_Listed records_:
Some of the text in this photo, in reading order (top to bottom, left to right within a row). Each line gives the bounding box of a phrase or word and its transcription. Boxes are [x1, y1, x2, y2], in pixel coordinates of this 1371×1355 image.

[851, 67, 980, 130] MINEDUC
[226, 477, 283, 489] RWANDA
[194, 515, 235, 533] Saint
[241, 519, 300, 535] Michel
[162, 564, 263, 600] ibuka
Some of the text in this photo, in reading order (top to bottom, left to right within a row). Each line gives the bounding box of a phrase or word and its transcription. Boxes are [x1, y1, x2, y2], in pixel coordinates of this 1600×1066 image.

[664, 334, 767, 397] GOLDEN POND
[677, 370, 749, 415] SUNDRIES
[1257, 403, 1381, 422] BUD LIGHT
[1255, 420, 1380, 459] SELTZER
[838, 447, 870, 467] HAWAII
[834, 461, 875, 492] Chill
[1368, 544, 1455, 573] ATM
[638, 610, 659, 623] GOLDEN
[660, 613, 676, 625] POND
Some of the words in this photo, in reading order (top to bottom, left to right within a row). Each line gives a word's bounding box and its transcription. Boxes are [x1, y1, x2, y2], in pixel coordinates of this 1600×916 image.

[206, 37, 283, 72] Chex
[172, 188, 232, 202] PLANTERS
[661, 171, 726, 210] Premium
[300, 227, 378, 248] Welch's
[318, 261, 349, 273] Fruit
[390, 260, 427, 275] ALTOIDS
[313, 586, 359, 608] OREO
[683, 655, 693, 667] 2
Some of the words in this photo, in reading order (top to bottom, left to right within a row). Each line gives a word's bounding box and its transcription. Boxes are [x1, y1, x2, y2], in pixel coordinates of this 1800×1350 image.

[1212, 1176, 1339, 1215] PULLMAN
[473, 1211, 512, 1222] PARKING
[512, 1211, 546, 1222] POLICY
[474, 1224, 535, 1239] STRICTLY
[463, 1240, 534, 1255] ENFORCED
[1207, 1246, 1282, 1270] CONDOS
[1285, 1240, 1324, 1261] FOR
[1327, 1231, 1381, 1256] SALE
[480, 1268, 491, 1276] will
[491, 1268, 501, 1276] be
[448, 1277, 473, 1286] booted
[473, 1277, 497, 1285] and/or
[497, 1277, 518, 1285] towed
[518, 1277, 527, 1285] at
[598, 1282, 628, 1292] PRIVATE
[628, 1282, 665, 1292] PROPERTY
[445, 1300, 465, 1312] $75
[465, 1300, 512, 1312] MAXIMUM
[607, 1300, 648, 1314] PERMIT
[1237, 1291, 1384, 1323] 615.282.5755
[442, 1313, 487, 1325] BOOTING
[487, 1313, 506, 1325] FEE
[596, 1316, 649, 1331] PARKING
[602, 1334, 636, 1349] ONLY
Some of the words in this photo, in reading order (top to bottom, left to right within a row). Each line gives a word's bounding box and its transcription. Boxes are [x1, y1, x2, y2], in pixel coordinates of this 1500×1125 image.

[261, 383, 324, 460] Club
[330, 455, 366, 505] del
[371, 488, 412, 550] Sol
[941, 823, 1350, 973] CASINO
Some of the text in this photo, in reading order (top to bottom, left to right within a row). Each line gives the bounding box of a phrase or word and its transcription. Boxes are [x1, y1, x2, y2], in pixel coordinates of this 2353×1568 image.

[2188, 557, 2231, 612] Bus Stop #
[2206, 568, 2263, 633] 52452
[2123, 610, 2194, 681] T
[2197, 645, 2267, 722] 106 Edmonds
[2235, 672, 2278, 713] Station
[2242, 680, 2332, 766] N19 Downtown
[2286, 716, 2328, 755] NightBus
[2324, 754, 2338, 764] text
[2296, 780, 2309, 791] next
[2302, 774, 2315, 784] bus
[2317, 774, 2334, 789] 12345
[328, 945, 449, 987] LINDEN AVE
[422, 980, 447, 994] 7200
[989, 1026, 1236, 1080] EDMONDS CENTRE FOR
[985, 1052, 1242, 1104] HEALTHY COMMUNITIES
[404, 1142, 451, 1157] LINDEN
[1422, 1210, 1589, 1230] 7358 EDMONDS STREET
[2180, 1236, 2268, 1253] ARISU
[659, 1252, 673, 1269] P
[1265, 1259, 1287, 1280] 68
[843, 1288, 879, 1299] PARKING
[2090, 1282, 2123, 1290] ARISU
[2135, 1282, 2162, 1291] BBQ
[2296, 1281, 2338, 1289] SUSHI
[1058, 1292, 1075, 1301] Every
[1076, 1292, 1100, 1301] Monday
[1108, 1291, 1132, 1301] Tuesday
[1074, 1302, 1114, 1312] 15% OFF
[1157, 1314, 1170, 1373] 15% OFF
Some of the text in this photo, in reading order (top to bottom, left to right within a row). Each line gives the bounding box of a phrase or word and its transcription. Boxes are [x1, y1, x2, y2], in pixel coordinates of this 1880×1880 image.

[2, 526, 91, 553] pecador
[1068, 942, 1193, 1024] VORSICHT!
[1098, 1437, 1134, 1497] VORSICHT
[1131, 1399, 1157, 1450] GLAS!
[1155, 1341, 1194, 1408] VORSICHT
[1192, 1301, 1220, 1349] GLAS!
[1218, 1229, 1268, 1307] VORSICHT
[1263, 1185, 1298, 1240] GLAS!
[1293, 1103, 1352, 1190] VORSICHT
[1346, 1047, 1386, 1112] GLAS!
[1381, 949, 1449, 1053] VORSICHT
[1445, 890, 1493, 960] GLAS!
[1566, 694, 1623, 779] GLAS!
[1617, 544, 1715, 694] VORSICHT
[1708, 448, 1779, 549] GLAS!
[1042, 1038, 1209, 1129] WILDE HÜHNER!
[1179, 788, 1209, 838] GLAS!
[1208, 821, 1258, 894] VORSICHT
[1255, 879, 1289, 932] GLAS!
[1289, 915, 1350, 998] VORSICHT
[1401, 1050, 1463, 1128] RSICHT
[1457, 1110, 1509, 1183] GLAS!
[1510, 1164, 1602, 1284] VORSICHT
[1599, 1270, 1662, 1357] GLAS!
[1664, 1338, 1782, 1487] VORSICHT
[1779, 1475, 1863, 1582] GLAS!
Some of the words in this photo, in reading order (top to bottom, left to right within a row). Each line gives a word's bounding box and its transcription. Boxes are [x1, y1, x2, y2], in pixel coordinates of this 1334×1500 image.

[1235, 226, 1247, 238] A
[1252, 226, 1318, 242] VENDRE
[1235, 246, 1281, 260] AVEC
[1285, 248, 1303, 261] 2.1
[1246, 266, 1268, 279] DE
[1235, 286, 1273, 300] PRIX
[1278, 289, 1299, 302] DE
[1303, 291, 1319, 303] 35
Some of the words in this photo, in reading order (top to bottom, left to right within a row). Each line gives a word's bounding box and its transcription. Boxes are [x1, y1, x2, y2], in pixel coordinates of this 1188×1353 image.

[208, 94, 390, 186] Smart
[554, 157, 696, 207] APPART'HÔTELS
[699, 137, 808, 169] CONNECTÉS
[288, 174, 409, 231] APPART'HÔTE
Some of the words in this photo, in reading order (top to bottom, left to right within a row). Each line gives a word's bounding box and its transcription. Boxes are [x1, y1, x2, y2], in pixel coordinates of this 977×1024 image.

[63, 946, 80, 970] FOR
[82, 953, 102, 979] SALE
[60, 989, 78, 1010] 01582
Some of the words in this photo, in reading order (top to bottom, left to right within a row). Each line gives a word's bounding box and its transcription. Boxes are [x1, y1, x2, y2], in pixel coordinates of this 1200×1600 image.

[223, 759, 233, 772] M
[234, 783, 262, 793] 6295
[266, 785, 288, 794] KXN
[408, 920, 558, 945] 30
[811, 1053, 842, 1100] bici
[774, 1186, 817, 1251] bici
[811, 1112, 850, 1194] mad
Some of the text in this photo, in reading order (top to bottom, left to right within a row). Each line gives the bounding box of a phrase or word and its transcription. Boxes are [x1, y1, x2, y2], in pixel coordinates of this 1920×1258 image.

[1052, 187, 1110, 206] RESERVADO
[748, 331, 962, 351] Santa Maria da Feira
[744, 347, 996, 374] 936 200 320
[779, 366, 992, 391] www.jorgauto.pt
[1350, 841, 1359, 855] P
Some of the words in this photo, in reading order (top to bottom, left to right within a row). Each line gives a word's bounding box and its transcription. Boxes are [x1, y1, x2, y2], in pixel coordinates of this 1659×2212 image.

_What to do_:
Every line from the one containing "this 1334×1500 image." through the final line of the data above is to be restated word for word, and nothing more.

_Result of this exercise_:
Some of the words in this photo, in reading order (top to bottom, left to right within a row). Each line gives a word's bounding box and its transcription. Boxes are [x1, y1, x2, y2], in pixel coordinates of this 1334×1500 image.

[1235, 226, 1247, 238] A
[1252, 226, 1318, 242] VENDRE
[1235, 246, 1281, 260] AVEC
[1285, 248, 1303, 261] 2.1
[1246, 266, 1268, 279] DE
[1235, 286, 1273, 300] PRIX
[1278, 289, 1299, 302] DE
[1303, 291, 1319, 303] 35
Some of the words in this photo, in reading order (top to bottom, left to right within a row). Each line gives a word's bounding box and its transcription. Boxes are [x1, y1, x2, y2], in pixel coordinates of this 1188×1353 image.

[208, 94, 390, 186] Smart
[554, 157, 696, 207] APPART'HÔTELS
[699, 137, 808, 169] CONNECTÉS
[288, 174, 409, 231] APPART'HÔTE
Some of the words in this photo, in reading order (top to bottom, left to right within a row). Each line gives a word's bounding box and its transcription. Boxes are [x1, y1, x2, y2], in pixel coordinates of this 977×1024 image.

[63, 946, 80, 970] FOR
[82, 953, 102, 979] SALE
[60, 989, 78, 1010] 01582
Some of the words in this photo, in reading order (top to bottom, left to right within a row). Each line gives a word's bounding box and its transcription. Boxes are [x1, y1, x2, y2], in pixel coordinates of this 1200×1600 image.

[223, 759, 233, 772] M
[234, 783, 262, 793] 6295
[266, 785, 288, 794] KXN
[408, 920, 558, 945] 30
[811, 1053, 842, 1100] bici
[774, 1186, 817, 1251] bici
[811, 1112, 850, 1194] mad
Some of the text in this photo, in reading order (top to bottom, left to right within a row). Each line gives the bounding box of a phrase or word and its transcription. Boxes are [x1, y1, x2, y2], in pixel coordinates of this 1920×1258 image.

[1052, 187, 1110, 206] RESERVADO
[748, 331, 962, 351] Santa Maria da Feira
[744, 347, 996, 374] 936 200 320
[779, 366, 992, 391] www.jorgauto.pt
[1350, 841, 1359, 855] P
Some of the words in this photo, in reading order (top to bottom, left to right within a row). Each line gives a word's bounding box and its transcription. Boxes are [x1, y1, x2, y2], in pixel coordinates of this 1659×2212 image.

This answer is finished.